Windows 8 to lead smartbook revival

Give it four years and ARM-based processors will be found in almost a quarter of all notebooks sold.

So predicts market watcher iHS iSuppli, which also reckons 7.6m ARM-based laptops will ship next year - three per cent of total number of notebooks shipped.

That itself is a staggering statistic since there are none shipping now unless you count old Toshiba AC100 smartbooks being flogged off on eBay.

iHS iSuppli ARM notebook chart

Source: iHS iSuppli

Come 2015, and ARM-based notebook shipments will have reached 74m units, iSuppli believes - 22.9 per cent of the laptop market.

Only one half of the Wintel monopoly is being broken, though. While ARM chips will eat into the market share of x86 chip maker Intel, it's Microsoft's Windows 8 that will drive the adoption of ARM by laptop makers, iSuppli said.

ARM will grab the most share in the low-cost laptop business where price is a more important purchase consideration than performance. So while Intel will lose market share by units, the cut into its share by revenue will be much smaller.

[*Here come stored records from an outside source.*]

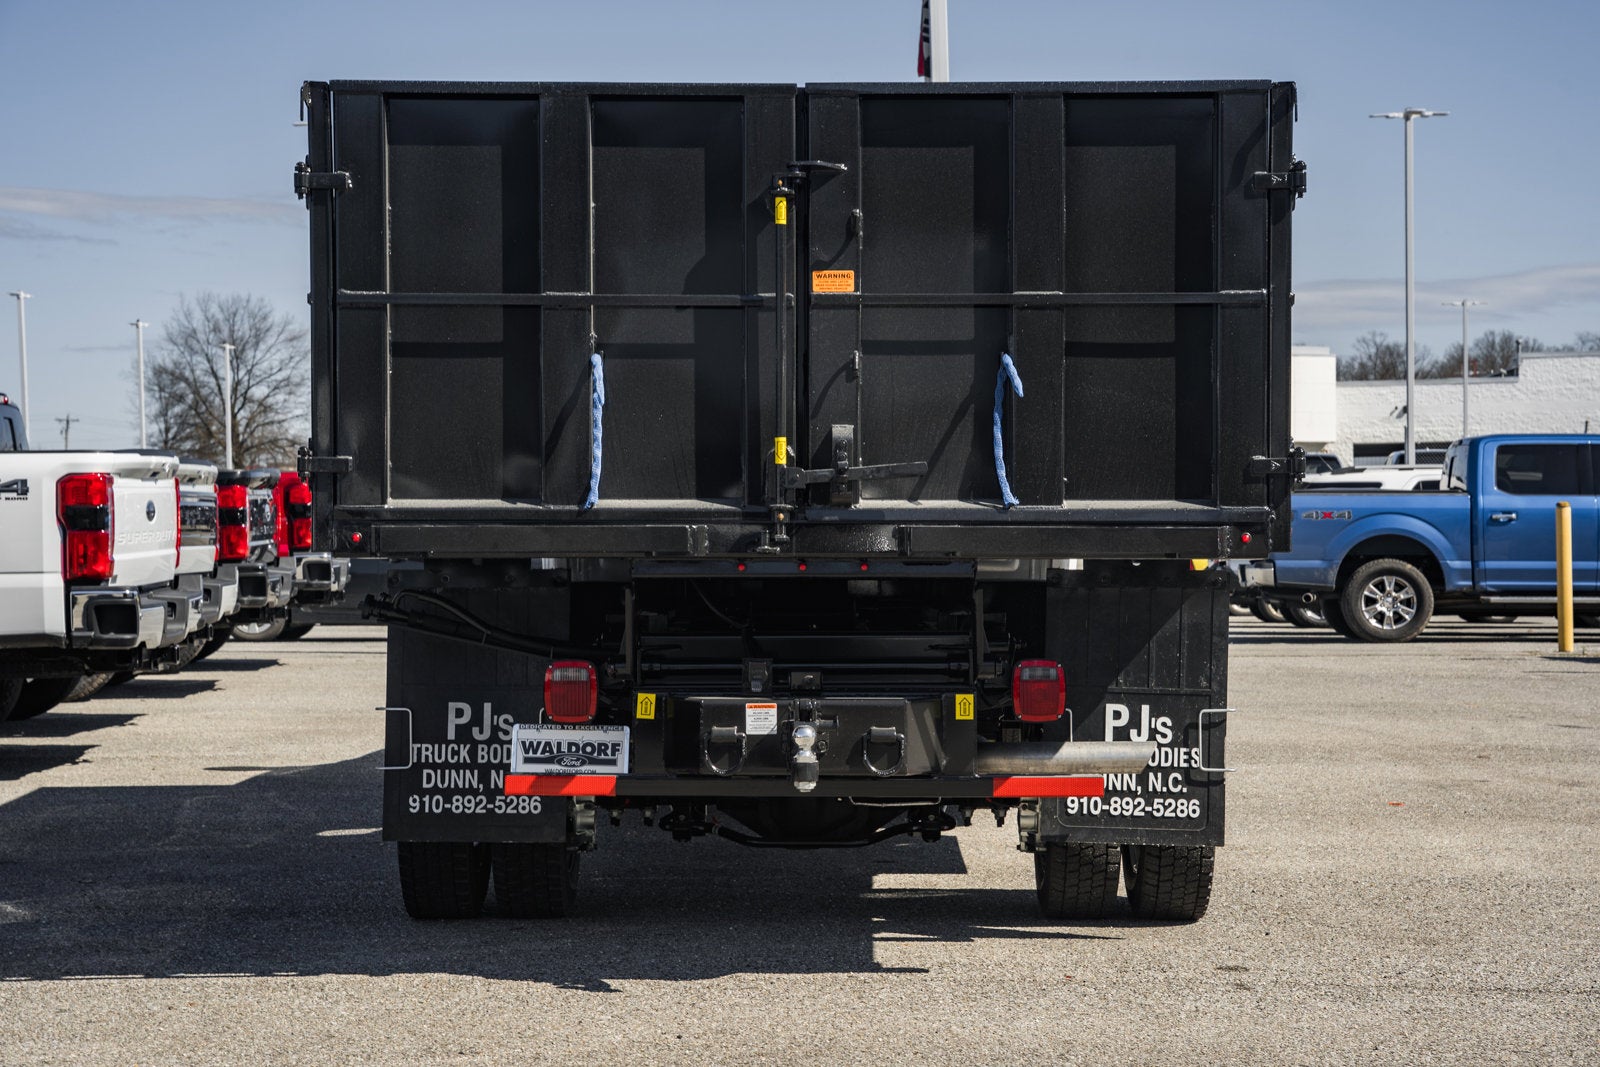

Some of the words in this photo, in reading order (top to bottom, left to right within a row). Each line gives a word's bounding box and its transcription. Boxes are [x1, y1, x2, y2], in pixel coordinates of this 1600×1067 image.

[118, 530, 154, 545] SUPER
[411, 743, 471, 764] TRUCK
[477, 743, 512, 763] BOD
[520, 740, 622, 757] WALDORF
[1148, 747, 1200, 768] ODIES
[561, 756, 582, 767] Ford
[421, 769, 484, 791] DUNN,
[1104, 772, 1142, 795] NN,
[1148, 772, 1188, 793] N.C.
[408, 795, 542, 814] 910-892-5286
[1066, 796, 1200, 818] 910-892-5286

And that assumes Intel's continuing efforts to drive down the power consumption of its processors doesn't allow it to deliver chips that provide better performance at a comparable price and power draw as ARM offerings.

Apple, for one, has been claimed to be trying out ARM CPUs in its slimline MacBook Air, a product that emphasises mobility over performance. So ARM may not be only the value option. ®

Its not W8 that will drive ARM adoption

its the fact that MS will no longer have a 'valid' reason to threaten OEM's that try to build ARM.

Manufacturers will find they can sell their ARM laptops and still get MS discounts.

Others will be able to buy the same machines without the MS tax - so that should be a good 10-20% discount.

Any other form of licensing will be just too blatantly anti-competitive.

And at last we will have the portables that its been technically possible for 5 or 6 years now.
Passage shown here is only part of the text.